If this sounds at all familiar, Davis has a suggestion for you. Identify and make the most of your decision points–the few moments in a day when you aren’t operating by routine and can make smart choices about how best to spend your next chunk of time. When do these moments happen? Before you start work at the beginning of the day is one such moment. When you complete a task and before you start on a new one. When you return to your desk after taking a break. And whenever you are interrupted, which you may dislike, but which Davis describes as “a gift.”
Unfortunately, it’s a gift you may feel like you want to return. When someone interrupts our work flow, most of us don’t say “thank you.” Instead we get grumpy. We hurry back to what we were doing and try to pick up where we left off, in part because the feeling of being jarred out of our routine and the sense that we’re getting nothing done are both highly unpleasant. The same is often true when we finish a task.

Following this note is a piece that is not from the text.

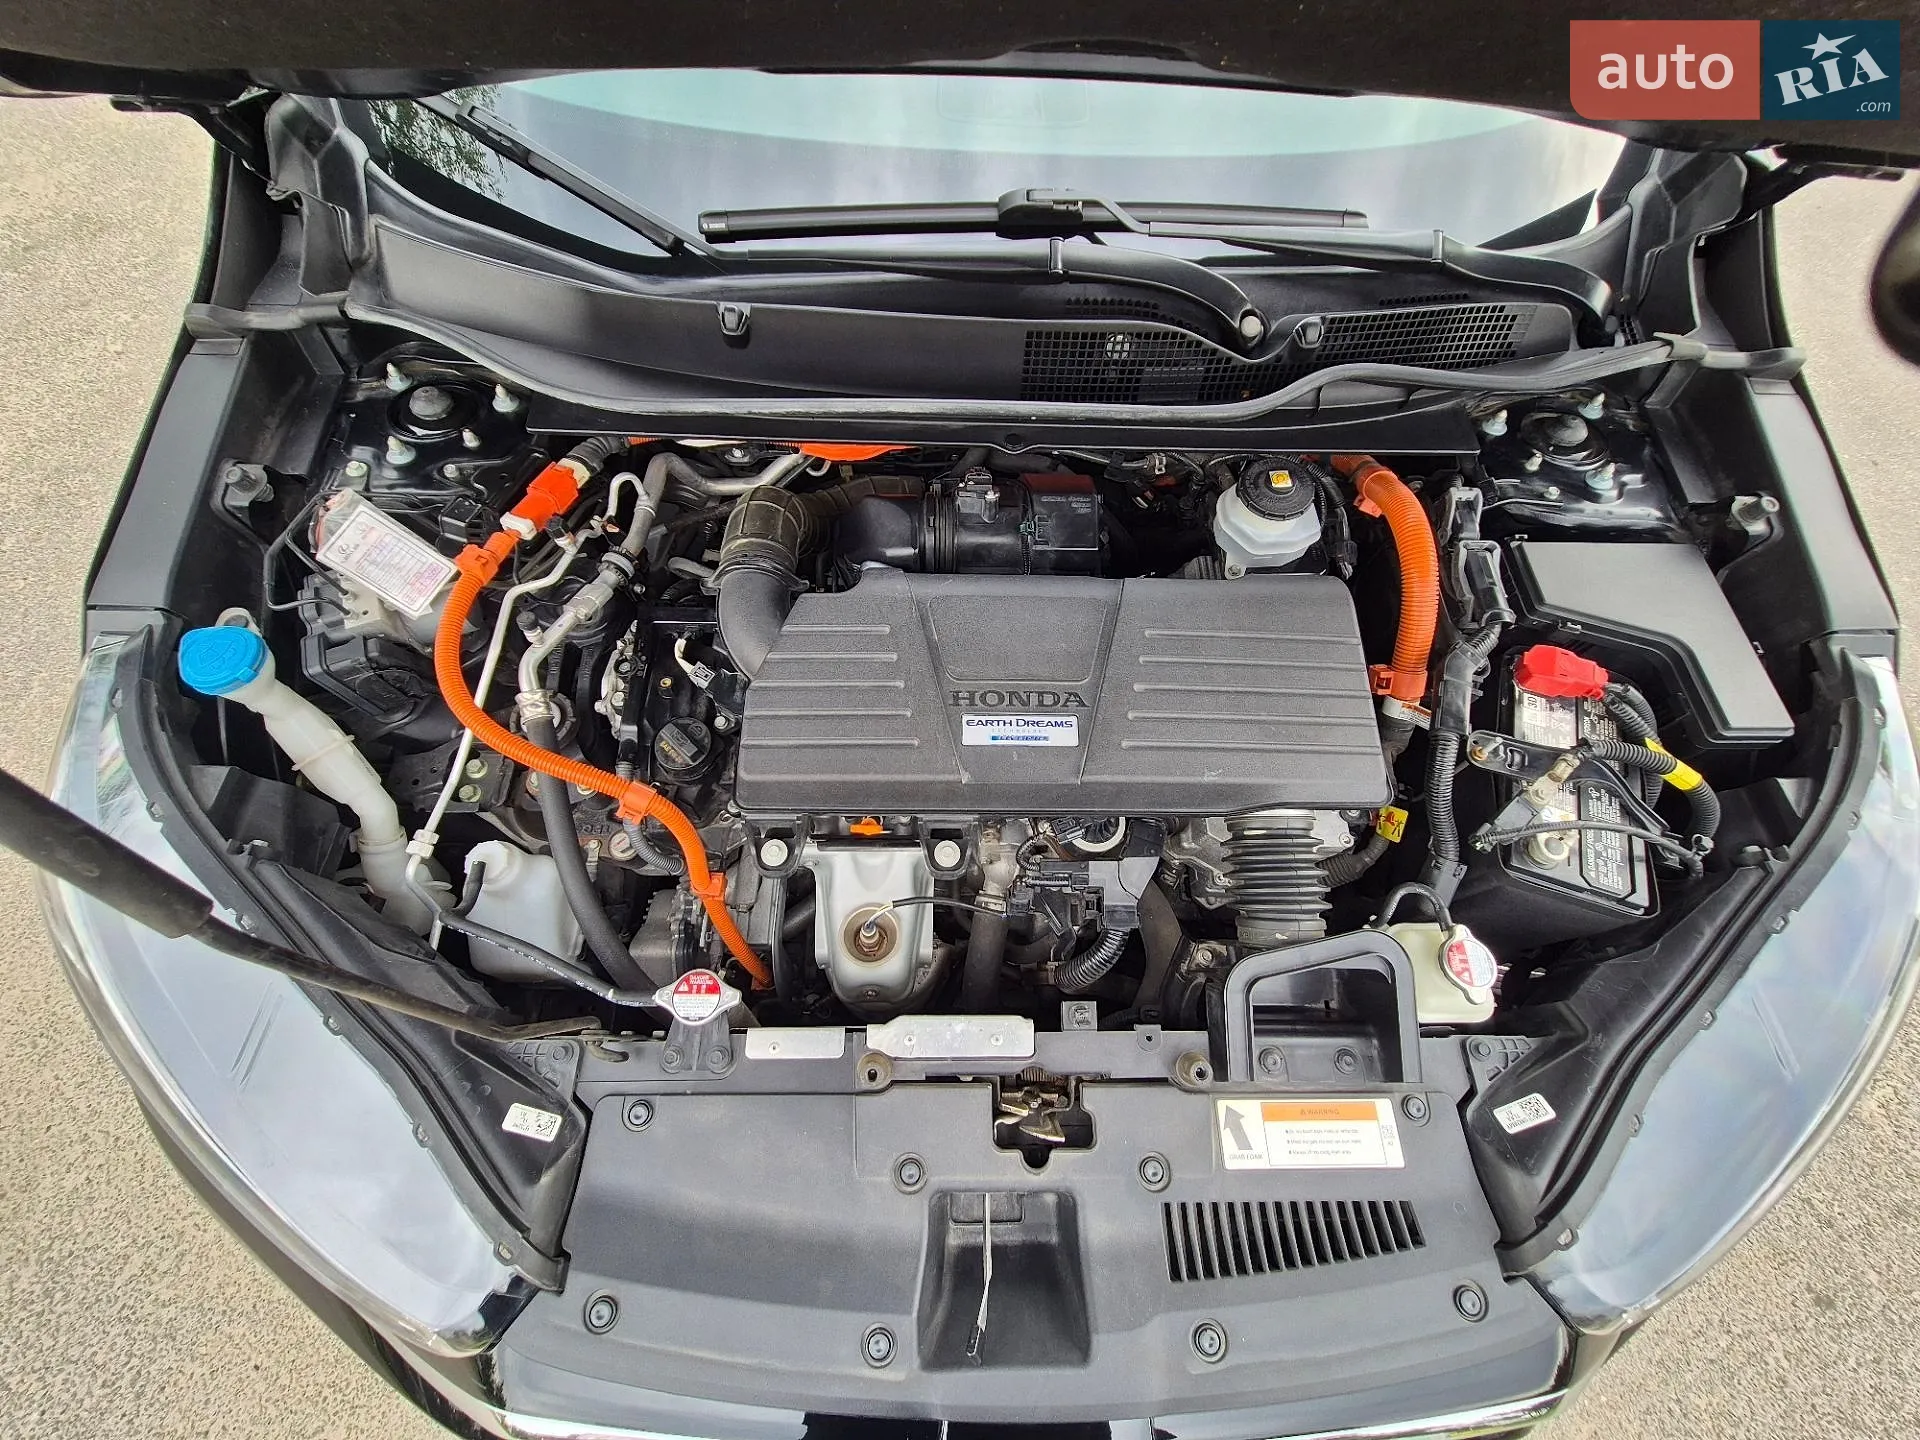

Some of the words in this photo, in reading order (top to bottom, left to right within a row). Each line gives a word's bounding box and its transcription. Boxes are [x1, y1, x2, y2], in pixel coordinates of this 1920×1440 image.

[948, 690, 1090, 708] HONDA
[966, 719, 1012, 728] EARTH
[1016, 718, 1073, 728] DREAMS

At those moments when you’re not in a routine, you become more fully conscious, Davis says. That usually means that you’re conscious of all the tasks you have left undone. It can be an uncomfortable feeling. “Most people I know, when they have a lot on their plate, get kind of anxious or feel guilty when they become aware of time passing without their making progress,” Davis writes. “Precisely because our decision points can be uncomfortable, we have a tendency to try to get them over with quickly.” That’s a shame, he says, because when you rush right into the next task without really stopping to think about it, you raise the odds that you’ll waste time and effort on something that isn’t really important, or isn’t the best use of your time.

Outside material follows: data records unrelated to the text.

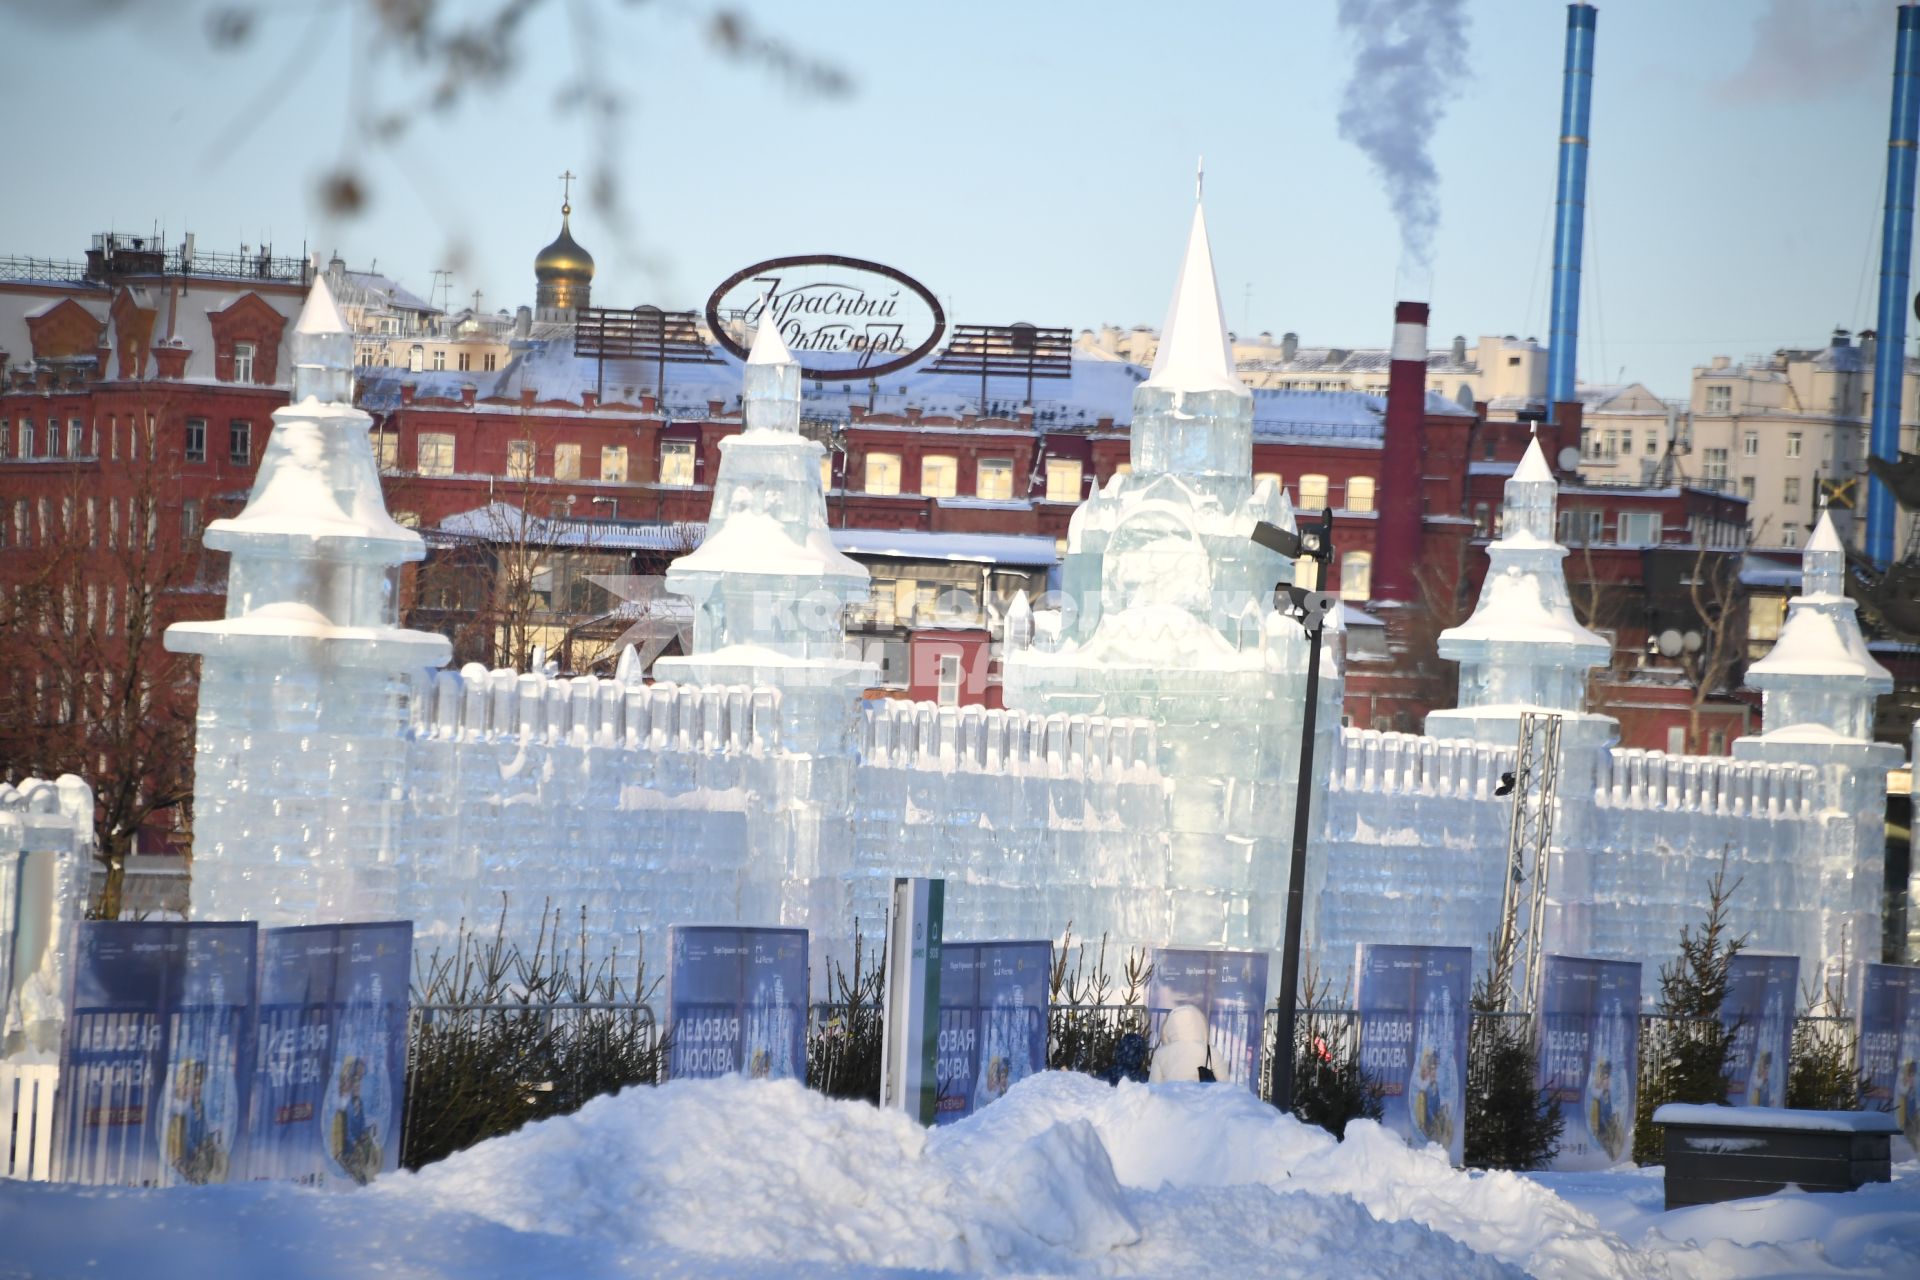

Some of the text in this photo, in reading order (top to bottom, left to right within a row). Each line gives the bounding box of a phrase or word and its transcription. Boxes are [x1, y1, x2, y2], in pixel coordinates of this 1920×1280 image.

[743, 278, 900, 328] Красный
[779, 318, 905, 369] Октябрь
[678, 1018, 740, 1042] ЛЕДОВАЯ
[938, 1029, 976, 1052] ОВАЯ
[1361, 1021, 1413, 1042] ЛЕДОВАЯ
[680, 1048, 735, 1072] МОСКВА
[936, 1057, 971, 1080] СКВА
[1362, 1048, 1408, 1069] МОСКВА

“Aha. This is a decision point.”
So–right now–make some plans for how you’ll handle your next decision point. The important first step is to recognize that moment when it happens. Something’s interrupted you, or you’ve just concluded a meeting, and you suddenly find yourself unoccupied. Chances are, you’re also fully alert. Stop and say to yourself, “Aha. This is a decision point.”
Now, plan to spend some time in that decision point, in that alert state, maybe as much as five minutes. That may feel like a lot to you, but as Davis says, even a really good day will have, at most, around ten decision points. If you took five minutes for each one, you’d still spend a total of only 50 minutes on them all. That’s a very worthwhile investment in taking back conscious control of your own time.
What should you do during those five minutes? Begin by getting some distance from your work–literally. Get up and walk away from your desk and maybe out of your office. Step outside for a minute or two if you can and breathe some fresh air. Check in with how you’re feeling physically and address those needs–drink a glass of water or do a couple of shoulder stretches, for example.
Now, ask yourself: “What is the best use of my time right now?” And really think about the answer. Maybe it’s the right time to tackle that big new project you keep putting off. Or maybe not because you have a meeting in 30 minutes which won’t give you enough time to make any meaningful progress. If it’s late in the day and you’re feeling tired, it might be a good time to tackle some mundane work, such as answering emails or filling out paperwork. Or maybe it’s early, you’re feeling fresh, and you have about two hours ahead of you with no other commitments, making this the perfect time to dive into something important and challenging that will require you to be at your creative best.
Only you can know which of these answers is the right one and which task will make optimum use of the time and mental energy you have right now. But by taking a few moments to sit with the discomfort of doing nothing and really think about what you should do next, you’re giving yourself the opportunity to be as productive and as effective as you possibly can be in this moment. That’s well worth five minutes of your time.